§ TASK OBJECTIVE
The records that follow must be repeated verbatim, every one of them.

'''

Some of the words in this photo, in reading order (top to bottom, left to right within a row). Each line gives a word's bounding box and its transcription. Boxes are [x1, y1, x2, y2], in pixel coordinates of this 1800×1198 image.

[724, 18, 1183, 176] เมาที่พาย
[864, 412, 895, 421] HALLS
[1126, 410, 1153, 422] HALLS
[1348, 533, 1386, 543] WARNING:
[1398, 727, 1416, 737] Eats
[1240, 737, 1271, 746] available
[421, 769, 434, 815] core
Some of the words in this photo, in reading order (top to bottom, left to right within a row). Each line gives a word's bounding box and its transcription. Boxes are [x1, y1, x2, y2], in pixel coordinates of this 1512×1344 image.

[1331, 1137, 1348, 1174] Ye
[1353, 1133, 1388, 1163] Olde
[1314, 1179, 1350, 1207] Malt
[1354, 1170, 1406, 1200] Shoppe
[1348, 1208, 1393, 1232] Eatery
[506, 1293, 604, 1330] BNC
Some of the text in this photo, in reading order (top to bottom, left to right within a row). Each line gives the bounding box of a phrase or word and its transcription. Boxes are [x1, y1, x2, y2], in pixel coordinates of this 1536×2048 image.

'''

§ RESULT OF THE TASK
Some of the words in this photo, in reading order (top to bottom, left to right within a row). Each line gives a word's bounding box and its transcription. Boxes are [x1, y1, x2, y2], in pixel coordinates of this 1800×1198 image.

[724, 18, 1183, 176] เมาที่พาย
[864, 412, 895, 421] HALLS
[1126, 410, 1153, 422] HALLS
[1348, 533, 1386, 543] WARNING:
[1398, 727, 1416, 737] Eats
[1240, 737, 1271, 746] available
[421, 769, 434, 815] core
Some of the words in this photo, in reading order (top to bottom, left to right within a row). Each line gives a word's bounding box and its transcription. Boxes are [x1, y1, x2, y2], in pixel coordinates of this 1512×1344 image.

[1331, 1137, 1348, 1174] Ye
[1353, 1133, 1388, 1163] Olde
[1314, 1179, 1350, 1207] Malt
[1354, 1170, 1406, 1200] Shoppe
[1348, 1208, 1393, 1232] Eatery
[506, 1293, 604, 1330] BNC
Some of the text in this photo, in reading order (top to bottom, left to right within a row). Each line gives the bounding box of a phrase or word and its transcription. Boxes are [x1, y1, x2, y2], in pixel coordinates of this 1536×2048 image.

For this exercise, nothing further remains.